= Ian Black (priest) =

British Anglican priest (born 1962)

Ian Christopher Black (born 1962) is a British Anglican priest who has served as Dean of Newport since 2021.

Black was born and grew up in Stratford-upon-Avon and was head chorister at Holy Trinity Church (Shakespeare's church). Educated at Kineton High School and Binswood Hall (North Leamington School), he went on to study at Christ Church College, Canterbury, then affiliated to the University of Kent. After a career in tax, both with the Inland Revenue and a firm of chartered accountants, he trained for ordination at Lincoln Theological College, studying for a Master of Divinity degree at the University of Nottingham. Black was made deacon at Petertide 1993 (27 June) by Richard Llewellin, Bishop of Dover, at Canterbury Cathedral and ordained priest in 1994.

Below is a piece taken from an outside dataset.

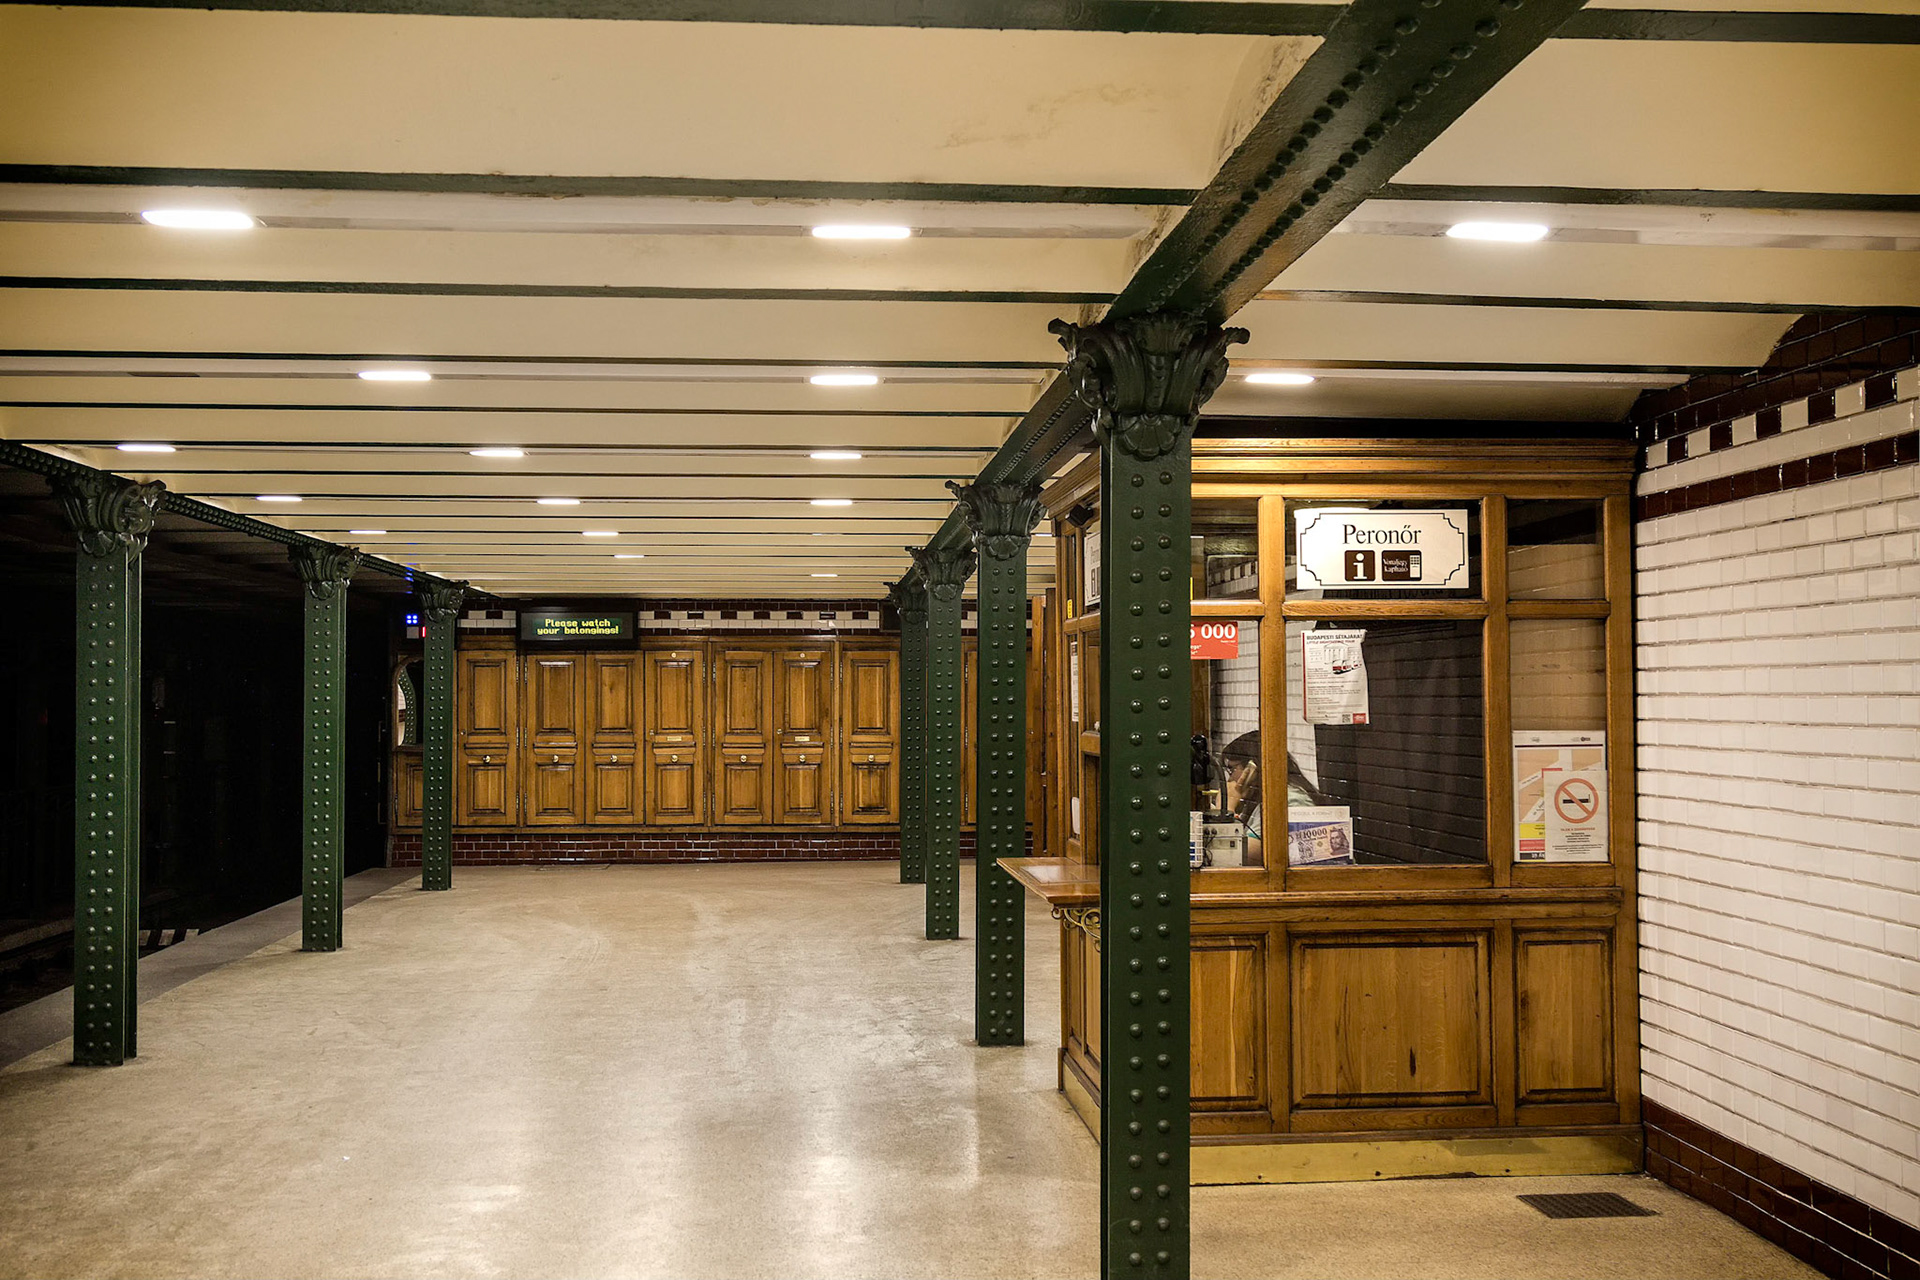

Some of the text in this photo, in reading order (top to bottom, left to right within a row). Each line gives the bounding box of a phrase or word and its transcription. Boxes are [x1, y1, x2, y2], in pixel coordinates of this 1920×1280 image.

Black served his title at All Saints Church, Maidstone (1993–96). After this he was priest in charge of Brents and Davington with Oare and Luddenham (1996–2002), during which time he was also a minor canon of Canterbury Cathedral and assistant director of post-ordination training. He moved north to become vicar of St Mary's Church, Whitkirk (2002–12) and capitular canon of Ripon Cathedral (2008–12). After that he was vicar of St John the Baptist Church, Peterborough (2012–21) and a residentiary canon of Peterborough Cathedral (2012–21), serving also as Rural Dean of Peterborough for five years. He was appointed as Dean of Newport and installed on 22 May 2021.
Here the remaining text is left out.